Trying to hide her identity unsuccessfully to a few fellow customers sitting at the table nearby (one of whom she knew but
couldn't bring herself to say hello knowing she wasn't at her best...who was she kidding she was close to her worst
- although he-who-would-judge was wearing a juicy-coutewhoreish velour ensemble - so 2004 - r.i.p.) Wearing her latest dark
shades (they look like big bug glasses - so 2007, the only thing she did right that day).
She took her chai and
went back to work only to find upon sitting at her desk that she had forgotten the god-forsaken calorie-laden bagel back at
moe's. Still not sure why she felt so off-kilter, she walked into the bathroom and looked at herself in the mirror and
found yesterday's black mascara making it's powdery way down her lower eyelids. Beyond smoky, if only they could be
described as smoky, she laughed out loud at the major fashion faux pas she committed that morning - but The Fashion
Dictator does not forgive her!
The next day, she decided to go bowling and rented a pair of those strange two-toned
monstrosities for her shoes. Horror of horrors.
Do not follow in her footsteps or you'll be fashionably sorry.
I know what I'm talking about,
The Fashion Dictator.
THE FASHION DICTATOR IS OFFENDED
Hello, my little yum-yums...how are you? Fashion dictator here...I would like to ask you something.

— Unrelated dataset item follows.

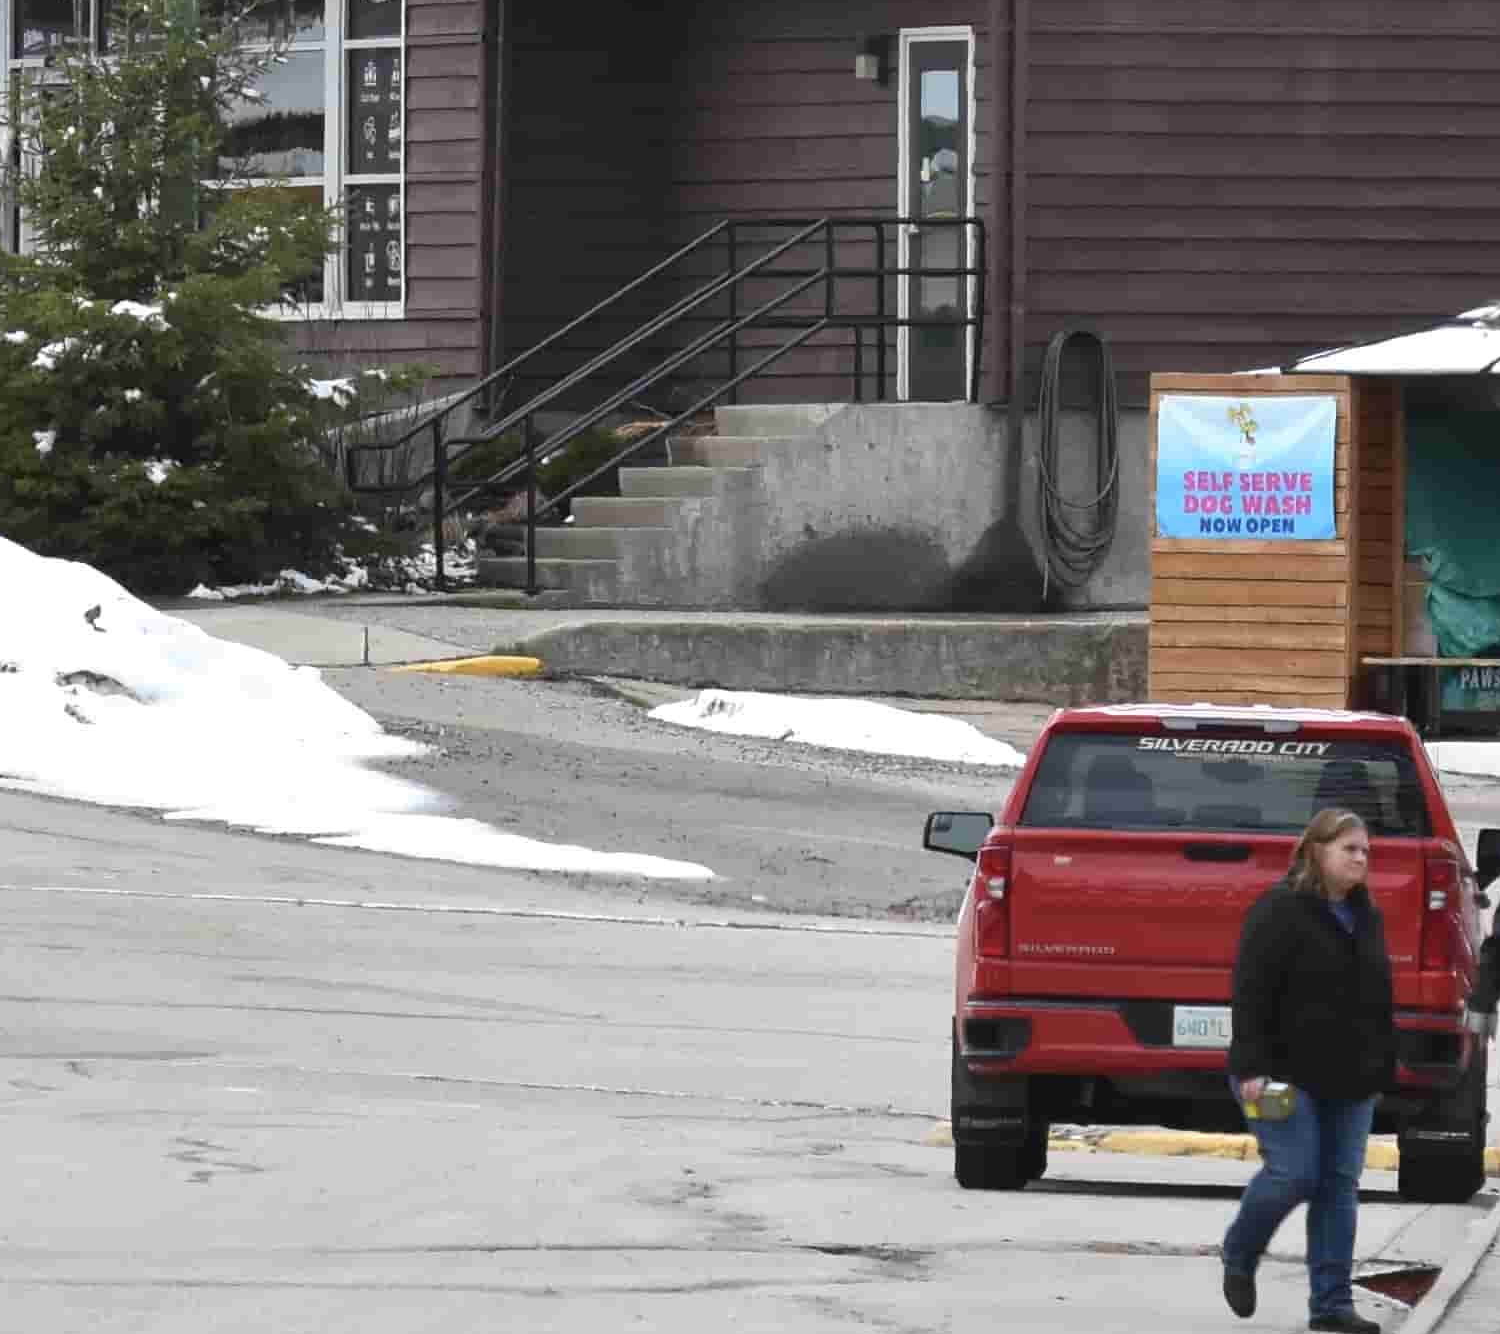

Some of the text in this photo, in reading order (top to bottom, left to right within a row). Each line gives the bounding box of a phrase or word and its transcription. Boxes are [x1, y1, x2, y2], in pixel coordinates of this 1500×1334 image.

Since when did highlights become such a big thing? If I have a pet peeve about something currently happening in fashion (if
fashion is really what you want to call it), it's highlights. I have been known to make my fashion mistakes (Flock of
Seagulls haircut, creatively-shaped sideburns, orange hair which was not supposed to be orange). The Fashion Dictator is not
too proud to admit.
A few years ago, I got caught up in my crazy hairstylist's idea of what I should look like,
don't ask me why. She was crazy! In one year of seeing her, this is what happened in her life: new boyfriend, he was oh-so
hot, so rock-n-roll sexy! A hairstylist, too (uh-oh warning signs), he was totally against bobs, wouldn't do them, never...
They dated, fought constantly and got married! And then with my last appointment, they were divorced!
And me, the
fashion dictator, actually listened to this crazy girl. Highlights, she said, are happening. That was like how many years
ago and they're still happening. And I will just say, highlights are unhappening. For those of you who have been trolling
the internet (maybe what brought you here, lucky one) and haven't been paying attention to such important things as highlights,
hairstylists take your hair and lighten parts and darken parts and call it beautiful. To be sure, there's some hair peeps
who know what they're doing and do it well - no one would know the diff but in many, many cases, it just looks like too,
too much.
There are simply too many shades of color in many women's hair! Stop it! The fashion dictator is
offended!
Blondes, two to three shades are enough - when you've got reds and blacks and platinum tones in your
hair, it looks like your hair person just went too far! And I bet you're spending a pretty penny for it, too!
Brunettes, you are brunette for a reason. Highlights make you look cheap!
Redheads - luckily, it seems most
stylists leave you alone - you confuse them!
If you want to do highlights as a lark, for fun, in a kind of punk
way, okay. I can see that. But let it be obvious. Go for the obviously over-the-top, because you know you're being ironic
but otherwise, tell your hairstylist to stop with all the mixing and the aluminum foil and the strange colors.
Down
with tacky color! So saith I, the fashion dictator.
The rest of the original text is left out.